The old Calcutta airport, a dignified colonial bungalow with potted plants, is gone, but the ‘new’ domestic airport, now proxying as the international airport, stands and welcomes arriving passengers. Most of the travellers, coming or leaving, belong to Calcutta itself, Bengalis or Marwaris with children running from the bookshop at one end to the coffee-stall at the other. Outside, in the light, a crowd of boys and young men wait perpetually to greet the passengers as they emerge, to take their suitcases, to offer them taxis. You shoo them away; you try to ignore them; and then they have already forgotten you, they have found someone else, or are quarrelling playfully with each other. But one or two of the younger ones will reappear at the car park and run with the car and see you off for the gift of a coin.

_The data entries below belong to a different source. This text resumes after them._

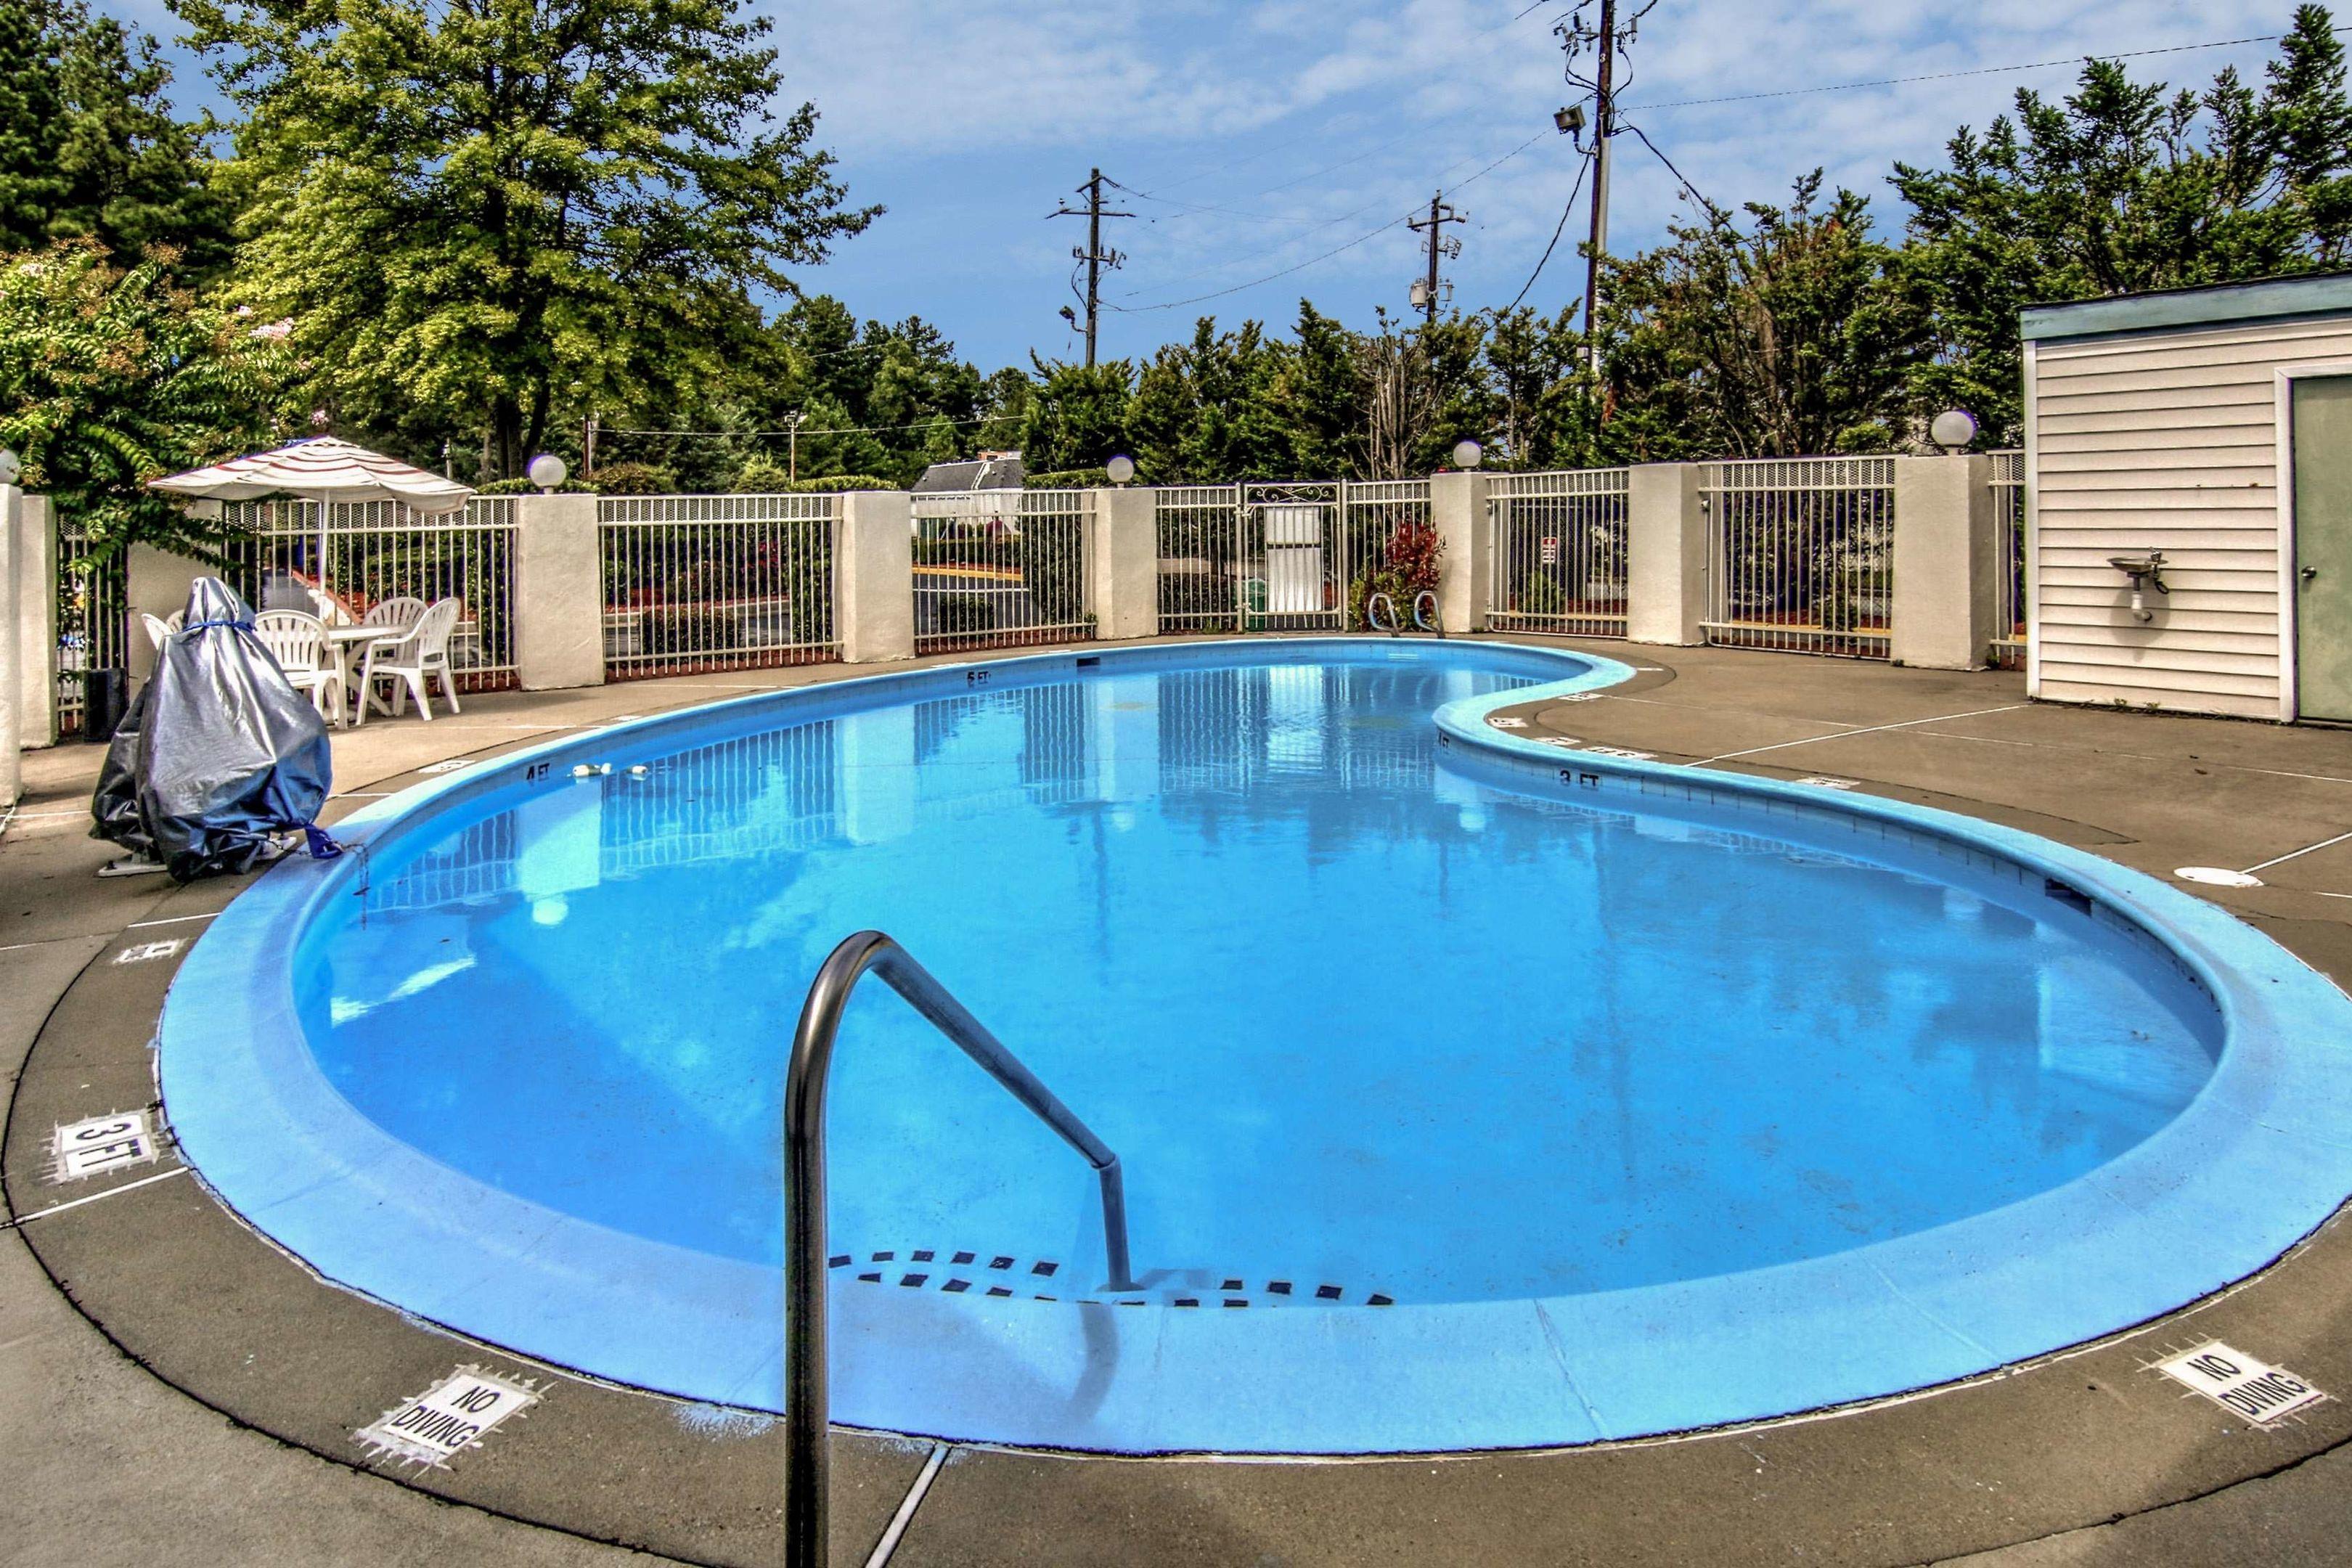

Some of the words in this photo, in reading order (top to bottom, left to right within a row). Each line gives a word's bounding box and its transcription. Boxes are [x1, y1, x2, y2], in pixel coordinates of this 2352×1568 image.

[1580, 773, 1598, 786] FT
[75, 1123, 132, 1140] 3
[78, 1138, 143, 1167] FT
[2186, 1355, 2242, 1381] NO
[451, 1386, 501, 1413] NO
[2218, 1372, 2309, 1416] DIVING
[391, 1405, 480, 1447] DIVING

As a child, I used to come here with my parents for my holidays; but this time, returning from England, my parents were waiting for me outside the arrival area, my father and mother standing in the light, while passengers, pursued by those exuberant, sparrow-like local boys, passed before them, negotiating trolleys. Was it my imagination, or had some of Calcutta’s black vapour darkened their complexions a shade? They looked as if they had been exposed to the sun, and seemed smaller as they stood there. But when I asked them, they said it might be because they had woken early in the morning; and here they were to receive me.